It’s ironic I was upset about getting beaten by a white belt, when a white belt mentality is what we should all be striving for.
It’s not easy to accept defeat and be honest with yourself. It’s hard to admit when we recognize our ego getting in the way. But it’s the only way to grow. Because honesty is what leads to improvement. It helps to surround yourself with good people who will tell you the truth when you screw up. But keep in mind, however, if you don’t have enough self-respect to be honest with yourself, you’ll have trouble finding people who respect you enough to be honest with you.
The truth is, we all need people to help make us better. Without your opponents, there is no you. There is no way for you to improve. We should treat all our training partners with gratitude and respect. They are a gift. Because to disrespect your opponent, is to disrespect yourself. You’re rejecting an opportunity to get better, to be the best you can be.
After a loss, it’s okay to be upset or feel angry at first. But eventually you have to accept defeat so you can learn from the experience. Remember these are important days to have. They may be painful, but we should cherish them. The mind must be open to improvements at all times, from all sources.

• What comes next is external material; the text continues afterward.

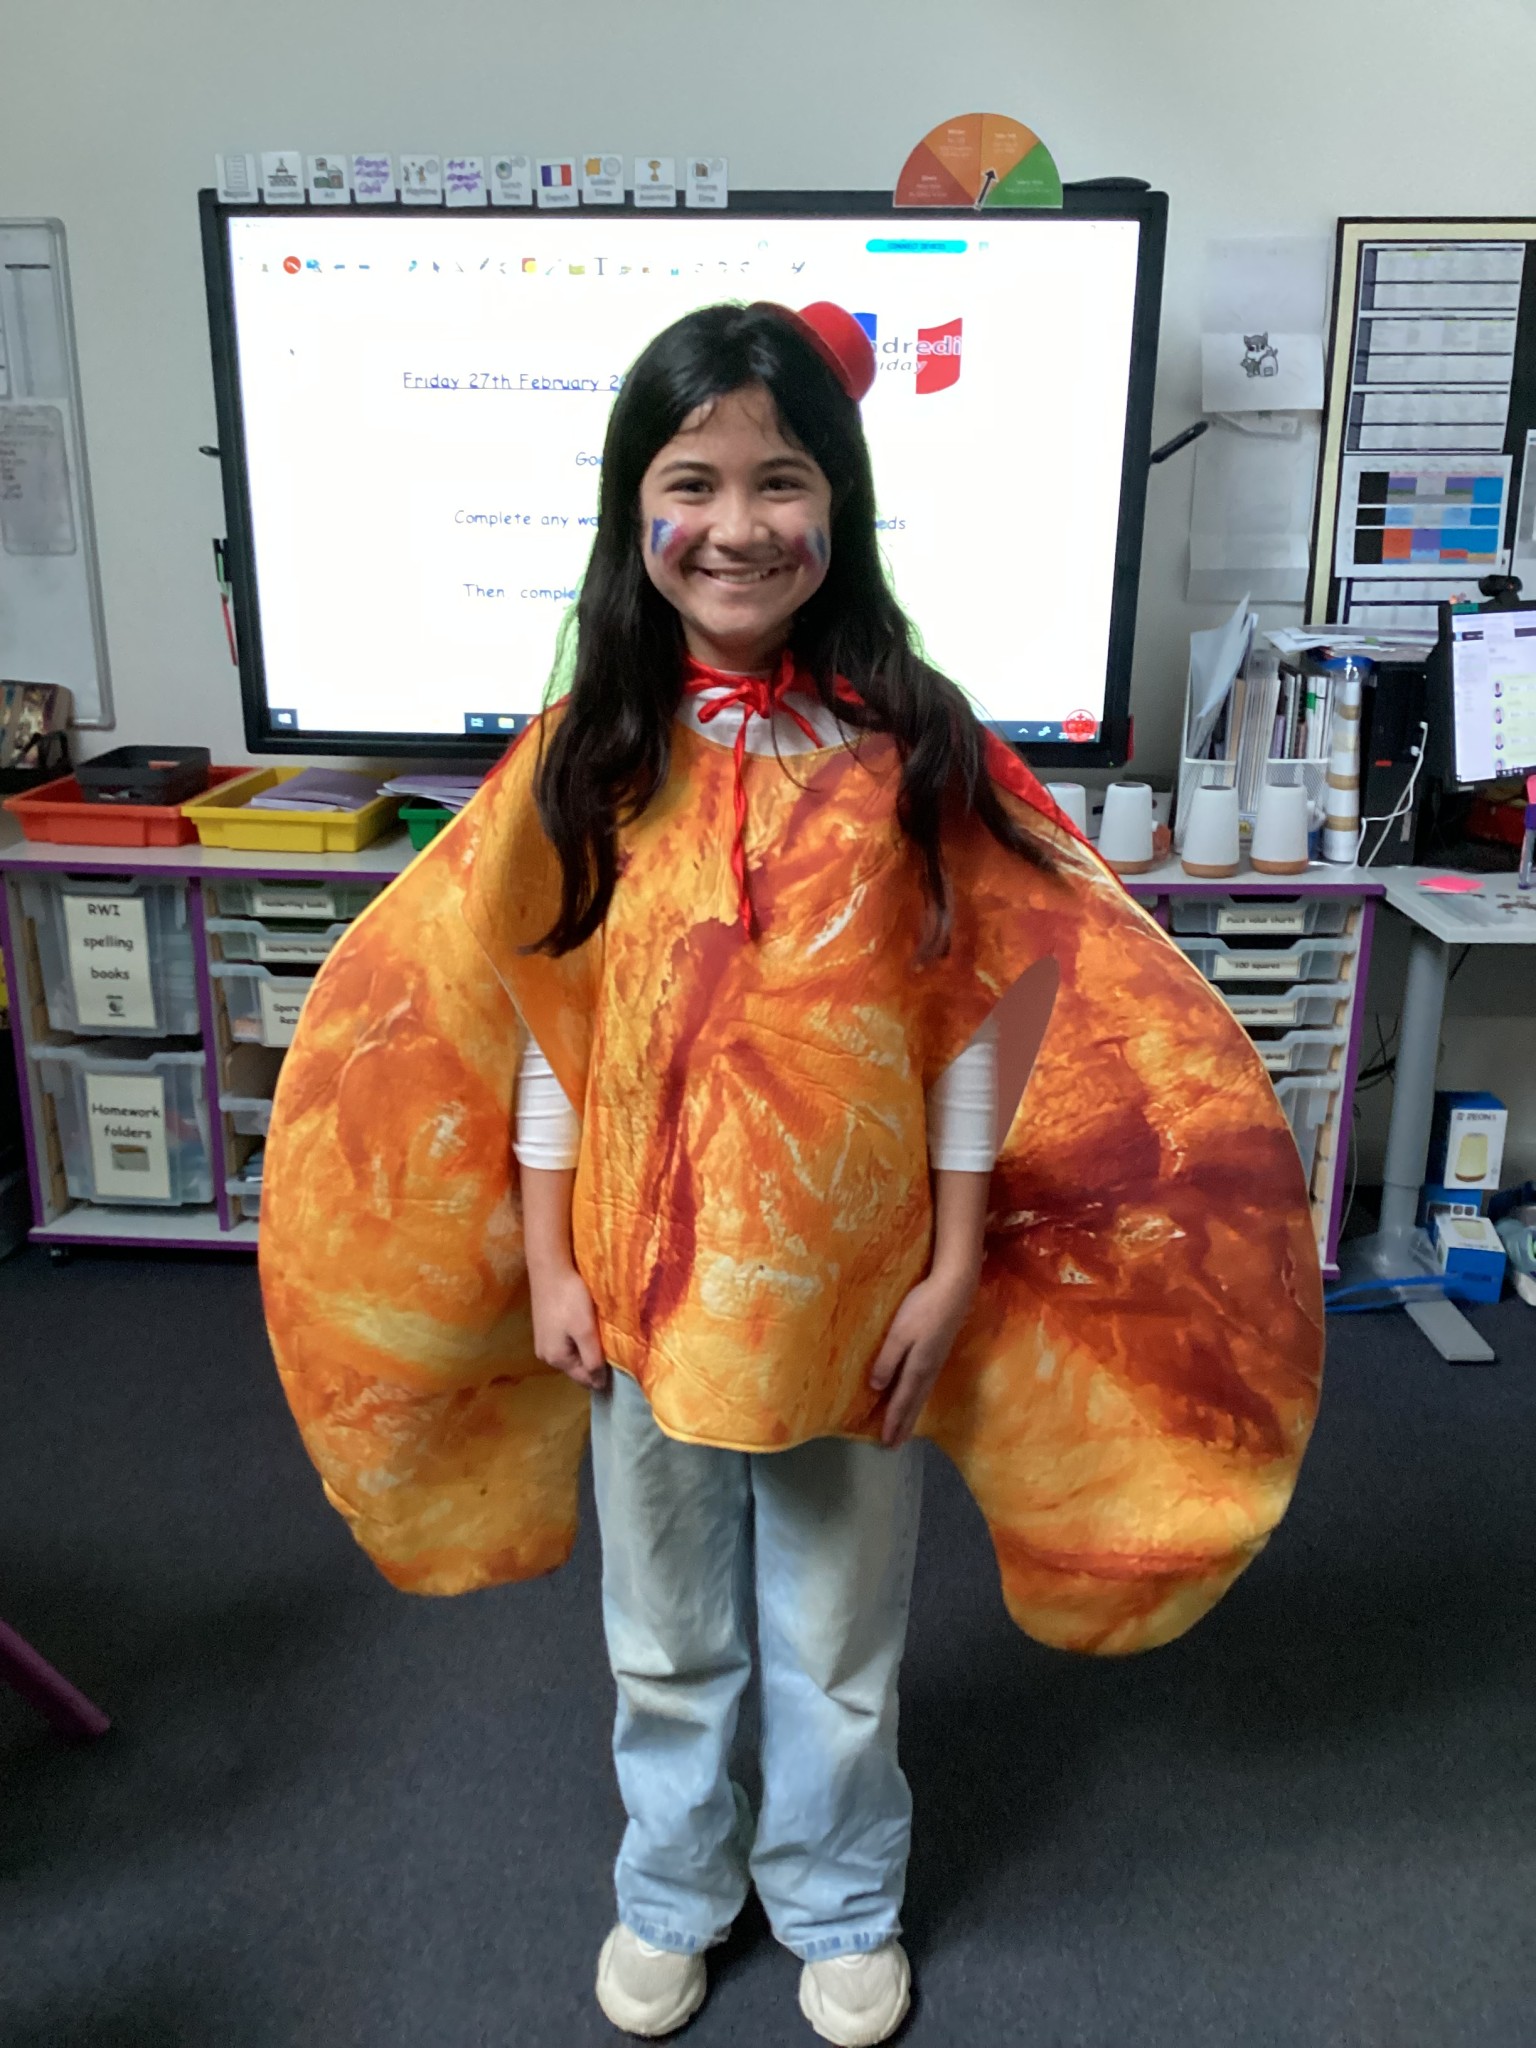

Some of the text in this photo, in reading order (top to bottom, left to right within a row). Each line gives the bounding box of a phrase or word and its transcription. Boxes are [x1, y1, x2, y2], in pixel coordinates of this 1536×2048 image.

The white belt mentality is never stagnant. It isn’t something that ends when you get promoted to the next belt or any belt thereafter. It is a discipline that requires constant attention, always evolving. Pride and ego are internal forces constantly working against you. In his book, On The Warrior’s Path, Daniele Boelli compares the discipline a martial artist must have to sweeping the floor:
“It is not something we can do once, achieve a result, and forget about. Every day dust comes back and soon will cover the floor again. Only regular practice can keep the dust away.”
Discipline will give you the fuel to be who you really want to be.
Either you’re learning every day or you are dying.
White belt forever.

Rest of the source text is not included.